Nothing in the records may be dropped. Retype them all exactly.

[Excerpted data Boundary: Start]

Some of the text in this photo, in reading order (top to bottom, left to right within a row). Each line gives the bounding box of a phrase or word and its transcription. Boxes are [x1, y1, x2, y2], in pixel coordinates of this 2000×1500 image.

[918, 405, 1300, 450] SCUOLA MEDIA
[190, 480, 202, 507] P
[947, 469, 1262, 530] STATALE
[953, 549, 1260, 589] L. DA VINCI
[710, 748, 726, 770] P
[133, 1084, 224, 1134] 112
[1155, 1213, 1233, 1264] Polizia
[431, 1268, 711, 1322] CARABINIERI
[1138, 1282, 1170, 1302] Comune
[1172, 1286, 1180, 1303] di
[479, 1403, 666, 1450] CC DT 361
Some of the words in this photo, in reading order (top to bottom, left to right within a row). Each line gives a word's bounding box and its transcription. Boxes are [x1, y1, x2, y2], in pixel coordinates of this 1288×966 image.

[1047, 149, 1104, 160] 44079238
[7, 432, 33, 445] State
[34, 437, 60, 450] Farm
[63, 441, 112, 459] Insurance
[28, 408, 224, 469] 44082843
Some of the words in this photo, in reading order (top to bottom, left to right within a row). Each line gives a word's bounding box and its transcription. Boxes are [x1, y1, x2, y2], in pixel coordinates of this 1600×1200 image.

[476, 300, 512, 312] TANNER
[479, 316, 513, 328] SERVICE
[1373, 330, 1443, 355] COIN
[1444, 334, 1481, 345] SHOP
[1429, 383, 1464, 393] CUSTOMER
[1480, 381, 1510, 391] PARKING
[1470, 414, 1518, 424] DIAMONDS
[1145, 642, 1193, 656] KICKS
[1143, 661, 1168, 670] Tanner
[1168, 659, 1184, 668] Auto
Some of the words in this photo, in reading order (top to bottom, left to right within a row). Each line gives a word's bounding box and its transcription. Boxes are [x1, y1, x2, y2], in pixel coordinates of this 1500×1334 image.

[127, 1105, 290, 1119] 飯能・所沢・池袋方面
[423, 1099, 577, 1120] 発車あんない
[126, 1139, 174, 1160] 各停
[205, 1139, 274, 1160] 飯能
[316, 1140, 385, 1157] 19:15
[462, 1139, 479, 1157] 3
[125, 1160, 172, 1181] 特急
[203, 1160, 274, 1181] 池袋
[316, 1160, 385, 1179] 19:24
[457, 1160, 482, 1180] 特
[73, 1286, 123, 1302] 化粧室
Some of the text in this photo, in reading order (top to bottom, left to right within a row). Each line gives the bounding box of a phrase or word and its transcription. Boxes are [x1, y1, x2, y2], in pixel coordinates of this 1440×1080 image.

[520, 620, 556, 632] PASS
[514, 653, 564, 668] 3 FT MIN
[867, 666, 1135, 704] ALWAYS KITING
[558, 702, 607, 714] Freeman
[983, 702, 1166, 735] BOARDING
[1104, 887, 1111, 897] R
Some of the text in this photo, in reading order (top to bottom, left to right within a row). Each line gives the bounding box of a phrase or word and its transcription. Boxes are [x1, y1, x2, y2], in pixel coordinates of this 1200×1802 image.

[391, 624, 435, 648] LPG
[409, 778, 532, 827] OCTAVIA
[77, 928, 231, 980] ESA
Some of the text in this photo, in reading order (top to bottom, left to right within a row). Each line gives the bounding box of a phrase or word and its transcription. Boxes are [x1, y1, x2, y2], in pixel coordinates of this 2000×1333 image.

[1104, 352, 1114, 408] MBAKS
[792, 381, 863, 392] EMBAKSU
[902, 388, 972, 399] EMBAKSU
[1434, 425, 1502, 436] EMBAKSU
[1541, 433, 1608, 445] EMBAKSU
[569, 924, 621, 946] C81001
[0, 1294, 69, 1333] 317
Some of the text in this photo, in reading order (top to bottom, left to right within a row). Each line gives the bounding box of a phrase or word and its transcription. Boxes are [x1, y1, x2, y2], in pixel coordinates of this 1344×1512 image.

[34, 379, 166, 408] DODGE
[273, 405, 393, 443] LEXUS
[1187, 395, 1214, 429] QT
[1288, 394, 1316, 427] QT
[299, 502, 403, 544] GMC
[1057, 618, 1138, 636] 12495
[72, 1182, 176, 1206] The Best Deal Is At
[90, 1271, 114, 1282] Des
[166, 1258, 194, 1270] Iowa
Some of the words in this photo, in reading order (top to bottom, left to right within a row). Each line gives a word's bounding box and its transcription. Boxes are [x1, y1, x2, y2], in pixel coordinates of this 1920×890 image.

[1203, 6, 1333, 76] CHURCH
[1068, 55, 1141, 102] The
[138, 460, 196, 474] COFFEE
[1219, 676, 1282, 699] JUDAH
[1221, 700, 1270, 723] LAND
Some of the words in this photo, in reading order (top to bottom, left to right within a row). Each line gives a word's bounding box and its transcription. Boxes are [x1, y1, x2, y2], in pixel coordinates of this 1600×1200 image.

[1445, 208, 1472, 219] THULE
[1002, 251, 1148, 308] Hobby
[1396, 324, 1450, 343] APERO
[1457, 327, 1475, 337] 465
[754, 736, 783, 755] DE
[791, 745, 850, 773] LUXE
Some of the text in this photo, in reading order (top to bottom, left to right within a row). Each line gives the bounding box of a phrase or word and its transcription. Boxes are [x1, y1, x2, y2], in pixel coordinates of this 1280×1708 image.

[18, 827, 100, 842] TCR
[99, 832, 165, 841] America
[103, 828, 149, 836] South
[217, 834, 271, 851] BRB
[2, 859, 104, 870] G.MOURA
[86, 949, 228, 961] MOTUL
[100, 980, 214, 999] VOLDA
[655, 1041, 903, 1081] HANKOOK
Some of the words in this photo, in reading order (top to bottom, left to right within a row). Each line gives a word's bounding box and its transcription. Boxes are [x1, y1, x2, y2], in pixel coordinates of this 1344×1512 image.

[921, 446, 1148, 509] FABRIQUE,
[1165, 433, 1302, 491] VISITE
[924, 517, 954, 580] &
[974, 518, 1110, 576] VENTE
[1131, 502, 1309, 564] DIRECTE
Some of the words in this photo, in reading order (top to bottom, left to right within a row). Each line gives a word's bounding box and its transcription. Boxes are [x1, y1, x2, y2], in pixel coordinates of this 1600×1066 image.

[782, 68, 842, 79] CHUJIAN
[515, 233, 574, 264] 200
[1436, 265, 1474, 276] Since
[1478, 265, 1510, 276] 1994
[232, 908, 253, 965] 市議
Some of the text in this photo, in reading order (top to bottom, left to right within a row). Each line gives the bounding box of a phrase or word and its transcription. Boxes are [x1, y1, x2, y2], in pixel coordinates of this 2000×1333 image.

[Excerpted data Boundary: End]

Solution:
Some of the text in this photo, in reading order (top to bottom, left to right within a row). Each line gives the bounding box of a phrase or word and its transcription. Boxes are [x1, y1, x2, y2], in pixel coordinates of this 2000×1500 image.

[918, 405, 1300, 450] SCUOLA MEDIA
[190, 480, 202, 507] P
[947, 469, 1262, 530] STATALE
[953, 549, 1260, 589] L. DA VINCI
[710, 748, 726, 770] P
[133, 1084, 224, 1134] 112
[1155, 1213, 1233, 1264] Polizia
[431, 1268, 711, 1322] CARABINIERI
[1138, 1282, 1170, 1302] Comune
[1172, 1286, 1180, 1303] di
[479, 1403, 666, 1450] CC DT 361
Some of the words in this photo, in reading order (top to bottom, left to right within a row). Each line gives a word's bounding box and its transcription. Boxes are [x1, y1, x2, y2], in pixel coordinates of this 1288×966 image.

[1047, 149, 1104, 160] 44079238
[7, 432, 33, 445] State
[34, 437, 60, 450] Farm
[63, 441, 112, 459] Insurance
[28, 408, 224, 469] 44082843
Some of the words in this photo, in reading order (top to bottom, left to right within a row). Each line gives a word's bounding box and its transcription. Boxes are [x1, y1, x2, y2], in pixel coordinates of this 1600×1200 image.

[476, 300, 512, 312] TANNER
[479, 316, 513, 328] SERVICE
[1373, 330, 1443, 355] COIN
[1444, 334, 1481, 345] SHOP
[1429, 383, 1464, 393] CUSTOMER
[1480, 381, 1510, 391] PARKING
[1470, 414, 1518, 424] DIAMONDS
[1145, 642, 1193, 656] KICKS
[1143, 661, 1168, 670] Tanner
[1168, 659, 1184, 668] Auto
Some of the words in this photo, in reading order (top to bottom, left to right within a row). Each line gives a word's bounding box and its transcription. Boxes are [x1, y1, x2, y2], in pixel coordinates of this 1500×1334 image.

[127, 1105, 290, 1119] 飯能・所沢・池袋方面
[423, 1099, 577, 1120] 発車あんない
[126, 1139, 174, 1160] 各停
[205, 1139, 274, 1160] 飯能
[316, 1140, 385, 1157] 19:15
[462, 1139, 479, 1157] 3
[125, 1160, 172, 1181] 特急
[203, 1160, 274, 1181] 池袋
[316, 1160, 385, 1179] 19:24
[457, 1160, 482, 1180] 特
[73, 1286, 123, 1302] 化粧室
Some of the text in this photo, in reading order (top to bottom, left to right within a row). Each line gives the bounding box of a phrase or word and its transcription. Boxes are [x1, y1, x2, y2], in pixel coordinates of this 1440×1080 image.

[520, 620, 556, 632] PASS
[514, 653, 564, 668] 3 FT MIN
[867, 666, 1135, 704] ALWAYS KITING
[558, 702, 607, 714] Freeman
[983, 702, 1166, 735] BOARDING
[1104, 887, 1111, 897] R
Some of the text in this photo, in reading order (top to bottom, left to right within a row). Each line gives the bounding box of a phrase or word and its transcription. Boxes are [x1, y1, x2, y2], in pixel coordinates of this 1200×1802 image.

[391, 624, 435, 648] LPG
[409, 778, 532, 827] OCTAVIA
[77, 928, 231, 980] ESA
Some of the text in this photo, in reading order (top to bottom, left to right within a row). Each line gives the bounding box of a phrase or word and its transcription. Boxes are [x1, y1, x2, y2], in pixel coordinates of this 2000×1333 image.

[1104, 352, 1114, 408] MBAKS
[792, 381, 863, 392] EMBAKSU
[902, 388, 972, 399] EMBAKSU
[1434, 425, 1502, 436] EMBAKSU
[1541, 433, 1608, 445] EMBAKSU
[569, 924, 621, 946] C81001
[0, 1294, 69, 1333] 317
Some of the text in this photo, in reading order (top to bottom, left to right within a row). Each line gives the bounding box of a phrase or word and its transcription. Boxes are [x1, y1, x2, y2], in pixel coordinates of this 1344×1512 image.

[34, 379, 166, 408] DODGE
[273, 405, 393, 443] LEXUS
[1187, 395, 1214, 429] QT
[1288, 394, 1316, 427] QT
[299, 502, 403, 544] GMC
[1057, 618, 1138, 636] 12495
[72, 1182, 176, 1206] The Best Deal Is At
[90, 1271, 114, 1282] Des
[166, 1258, 194, 1270] Iowa
Some of the words in this photo, in reading order (top to bottom, left to right within a row). Each line gives a word's bounding box and its transcription. Boxes are [x1, y1, x2, y2], in pixel coordinates of this 1920×890 image.

[1203, 6, 1333, 76] CHURCH
[1068, 55, 1141, 102] The
[138, 460, 196, 474] COFFEE
[1219, 676, 1282, 699] JUDAH
[1221, 700, 1270, 723] LAND
Some of the words in this photo, in reading order (top to bottom, left to right within a row). Each line gives a word's bounding box and its transcription. Boxes are [x1, y1, x2, y2], in pixel coordinates of this 1600×1200 image.

[1445, 208, 1472, 219] THULE
[1002, 251, 1148, 308] Hobby
[1396, 324, 1450, 343] APERO
[1457, 327, 1475, 337] 465
[754, 736, 783, 755] DE
[791, 745, 850, 773] LUXE
Some of the text in this photo, in reading order (top to bottom, left to right within a row). Each line gives the bounding box of a phrase or word and its transcription. Boxes are [x1, y1, x2, y2], in pixel coordinates of this 1280×1708 image.

[18, 827, 100, 842] TCR
[99, 832, 165, 841] America
[103, 828, 149, 836] South
[217, 834, 271, 851] BRB
[2, 859, 104, 870] G.MOURA
[86, 949, 228, 961] MOTUL
[100, 980, 214, 999] VOLDA
[655, 1041, 903, 1081] HANKOOK
Some of the words in this photo, in reading order (top to bottom, left to right within a row). Each line gives a word's bounding box and its transcription. Boxes are [x1, y1, x2, y2], in pixel coordinates of this 1344×1512 image.

[921, 446, 1148, 509] FABRIQUE,
[1165, 433, 1302, 491] VISITE
[924, 517, 954, 580] &
[974, 518, 1110, 576] VENTE
[1131, 502, 1309, 564] DIRECTE
Some of the words in this photo, in reading order (top to bottom, left to right within a row). Each line gives a word's bounding box and its transcription. Boxes are [x1, y1, x2, y2], in pixel coordinates of this 1600×1066 image.

[782, 68, 842, 79] CHUJIAN
[515, 233, 574, 264] 200
[1436, 265, 1474, 276] Since
[1478, 265, 1510, 276] 1994
[232, 908, 253, 965] 市議
Some of the text in this photo, in reading order (top to bottom, left to right within a row). Each line gives the bounding box of a phrase or word and its transcription. Boxes are [x1, y1, x2, y2], in pixel coordinates of this 2000×1333 image.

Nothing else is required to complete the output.